Подождали еще: тетушка читала, переворачиваемые страницы шелестели в тишине. Шишок развернулся и на цыпочках пошел к выходу, остальные — за ним. Растерянная Росица постояла еще — и кинулась следом.

Она была уже на лестнице, когда тетя Милица, выскочив за дверь, закричала: ты, дескать, ничего не говорила, а я — ничего не слышала, поняла?! Ничего я не слышала, запомни! От тебя, де, одни неприятности — с самого начала! Явилась — и привела с собой тучу несчастий! Из-за тебя мы с Майдаленкой и замуж не вышли!

— Чтоб ты провалилась, лесное отродье! Видеть тебя не могу!

Наперегонки сбегали по лестничному серпантину, а в спину Росицы неслись проклятья книжницы Милицы. Ваня Житный даже ожидал, что тетушка запустит в племянницу увесистым томом «Войны и мира», но до этого не дошло.

Шли по центральной улице в сторону крепости Калемегдан, успев по дороге заскочить в другой дом Росицы Брегович — к тетушке Ефросиме, но та, видать, находилась на посту, в больнице, при своем скорбном муже.

Девочка переоделась в белое косовское платье: и теперь, в полуобгоревшей шляпке с цветком каштана за лентой да с горлицей на плече казалась пришелицей из другого мира.

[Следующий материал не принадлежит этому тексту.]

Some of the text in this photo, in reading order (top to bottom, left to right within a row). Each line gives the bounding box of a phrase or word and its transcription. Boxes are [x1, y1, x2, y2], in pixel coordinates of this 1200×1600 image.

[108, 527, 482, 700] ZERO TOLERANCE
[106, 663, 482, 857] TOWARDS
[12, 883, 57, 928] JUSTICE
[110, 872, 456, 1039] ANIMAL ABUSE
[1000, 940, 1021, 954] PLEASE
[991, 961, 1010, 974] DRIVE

Расположились у крепостной стены, а далеко-далеко внизу река Сава женихалась с Дунаем. Черным, похожим на «бородинский», хлебом да сливянкой поминали цыганку Гордану и тетушку Майдаленку, выплескивая спиртное на плиты крепости.

Пернатые поклевали крошек, глотнули сливянки и принялись чивиликать: дескать, надо бы и косовских дроздов ведь помянуть!

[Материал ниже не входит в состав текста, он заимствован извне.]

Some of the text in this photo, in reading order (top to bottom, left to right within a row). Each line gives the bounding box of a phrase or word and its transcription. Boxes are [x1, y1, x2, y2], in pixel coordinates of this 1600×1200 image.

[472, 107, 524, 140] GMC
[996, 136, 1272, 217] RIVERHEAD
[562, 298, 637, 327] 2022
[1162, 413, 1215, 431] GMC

— И Ерхана! — подал голос Березай.

— Бояна Юговича! — воскликнул Ваня Житный.

— Павла Орловича, — сказала тихо Росица.

— Милоша Обилича, — вспомнила Златыгорка.

— Мою маму Вилину, — глядя в сдвоенную речную даль, шепнула маленькая Яна Божич.

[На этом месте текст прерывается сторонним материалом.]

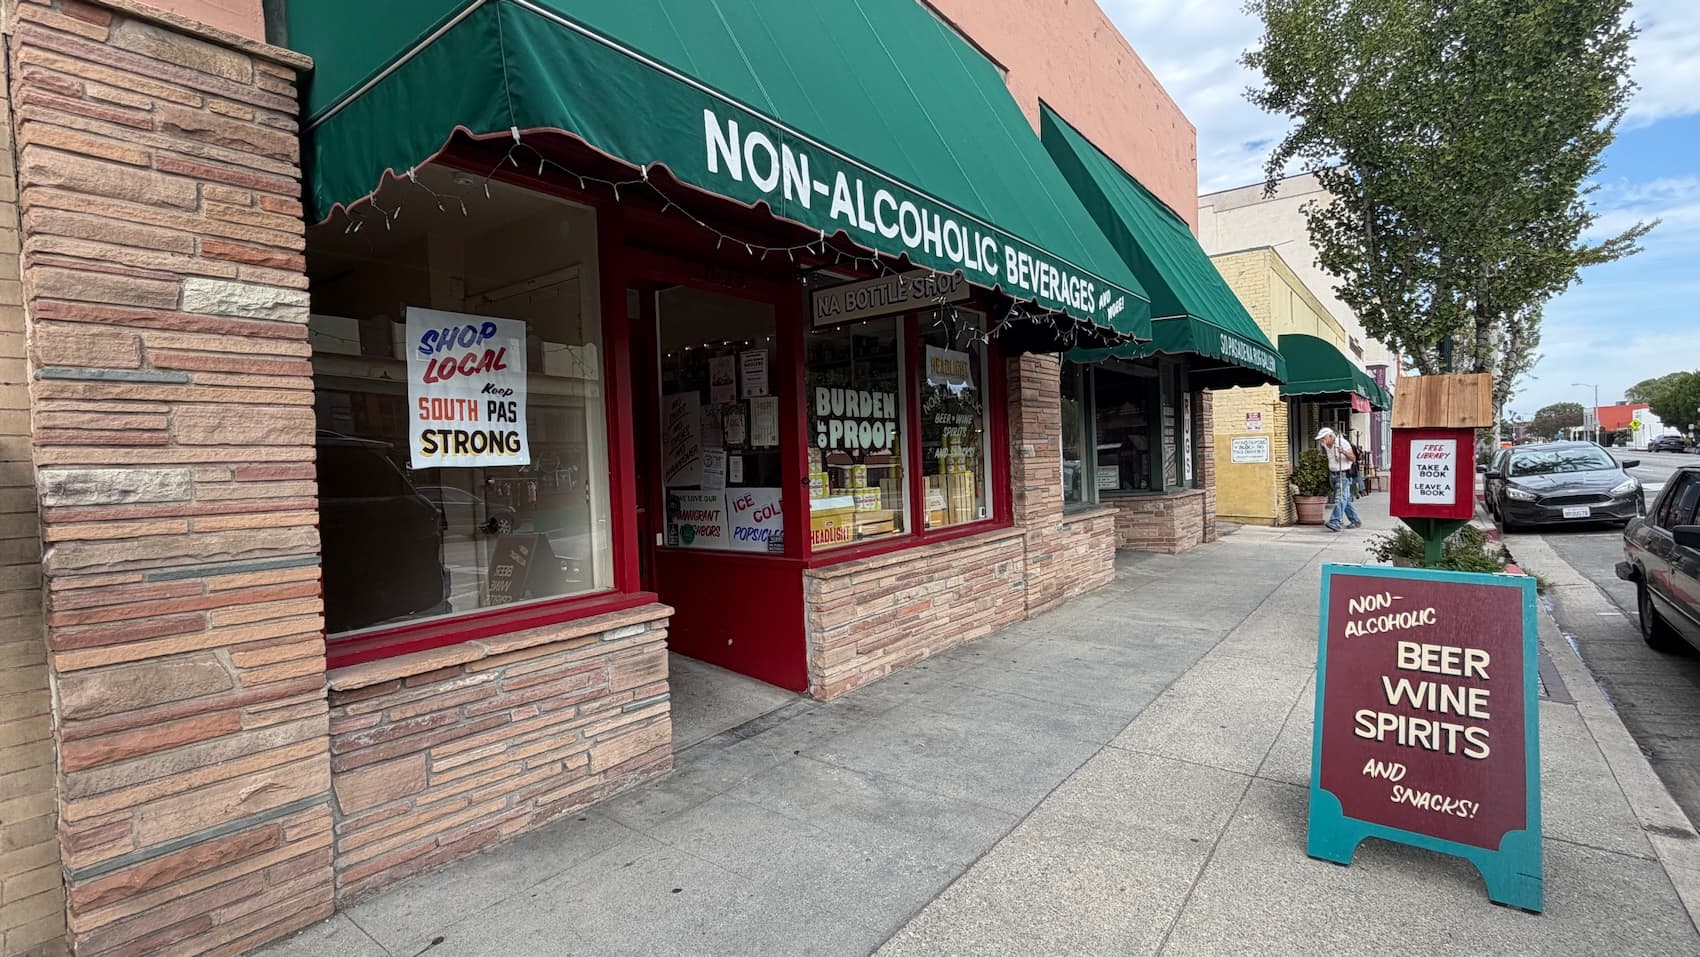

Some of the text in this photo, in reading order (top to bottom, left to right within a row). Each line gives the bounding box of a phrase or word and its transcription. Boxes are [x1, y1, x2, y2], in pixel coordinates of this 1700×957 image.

[704, 108, 1095, 314] NON-ALCOHOLIC BEVERAGES
[817, 271, 964, 318] NA BOTTLE SHOP
[1098, 289, 1112, 311] AND
[1107, 296, 1125, 322] MORE!
[418, 321, 498, 355] SHOP
[1228, 336, 1254, 363] PASADENA
[423, 347, 507, 384] LOCAL
[481, 382, 514, 398] Keep
[815, 386, 896, 418] BURDEN
[922, 388, 983, 415] NON-ALOLIC
[418, 397, 517, 423] SOUTH PAS
[934, 412, 973, 425] BEER WINE
[419, 429, 521, 458] STRONG
[816, 419, 897, 449] OF PROOF
[1416, 452, 1450, 460] LIBRARY
[704, 495, 717, 503] OUR
[732, 493, 754, 513] ICE
[680, 524, 721, 538] HBORS
[811, 527, 850, 546] HEADLIGHT
[1348, 591, 1404, 615] NON-
[1344, 607, 1437, 639] ALCOHOLIC
[1397, 640, 1490, 680] BEER
[1381, 676, 1490, 720] WINE
[1354, 709, 1490, 760] SPIRITS
[1362, 758, 1407, 782] AND
[1390, 785, 1480, 819] SNACKS!

— Всех, кто умер не дома! — завершил домовик и выпил.

На черные крошки, которые принялись разбрасывать калики перехожие, слетелась туча калемегданских голубей. Они тоже поминали всех, кто улетел в ирий, в царствие небесное.

А Росица, глядя на пламенеющий закат, — вечерняя заря подкрасила ее лицо в нежно-розовые тона, — вдруг сказала: и почему она назвала меня лесным отродьем? Всем ведь известно, что дядюшка Дойчин выдумал эту историю — про то, будто нашел меня в лесу!

Потом девочка вспомнила, что как раз отсюда, с этой стены дядюшка и хотел спрыгнуть перед тем, как его первый раз увезли в психушку. Тетушка Ефросима буквально в последний миг его удержала, он уж почти падал… А после с перил разных мостов его стаскивали, из окон тоже… Дядя Дойчин уверен, что умеет летать!

Ваня, Шишок и Златыгорка переглянулись: ничего себе! Тут домовик соскочил со стены, где сидел, свесив ноги в обрыв, и сказал: так, дескать, собирайтесь, надо ехать! Пора, де, и нам наведаться в Проклятые горы! Уверен, мол, там мы узнаем ответы на многие вопросы…

Росица Брегович воскликнула:

— Куда наведаться?!

— Куда-куда! К твоей бабушке Видосаве! Надеюсь, ты знаешь к ней дорогу?

Девочка пожала плечами: дескать, в общих чертах… Меня, де, туда совсем маленькой возили, но можно ведь у тетушки Ефросимы разузнать подробности пути. Только не пойму я: зачем нам туда, что у вас за вопросы?!

Ваня Житный поглядел на посестриму с домовиком, дескать, расскажем ей? Те кивнули, и тогда мальчик поведал Росице Брегович, зачем они сюда явились. Девочка почесала голову под шляпкой тетушки Майдаленки — ну и ну! А после проговорила:

— Выходит, вы не просто русские: вы чудесные русские, и волшебные русские?!

Шишок, подбоченившись, отвечал: да, мол, мы такие!

Путь на сей раз лежал в Черногорию, в городок Жабляк, а уж оттуда — в Проклятые горы. Ваня, услыхав название населенного пункта, вздрогнул, сразу вспомнив, как был однажды жабодлаком… Тетушка Ефросима указала, что в окрестностях высокой Майи надлежит искать домик ее свекрови Видосавы.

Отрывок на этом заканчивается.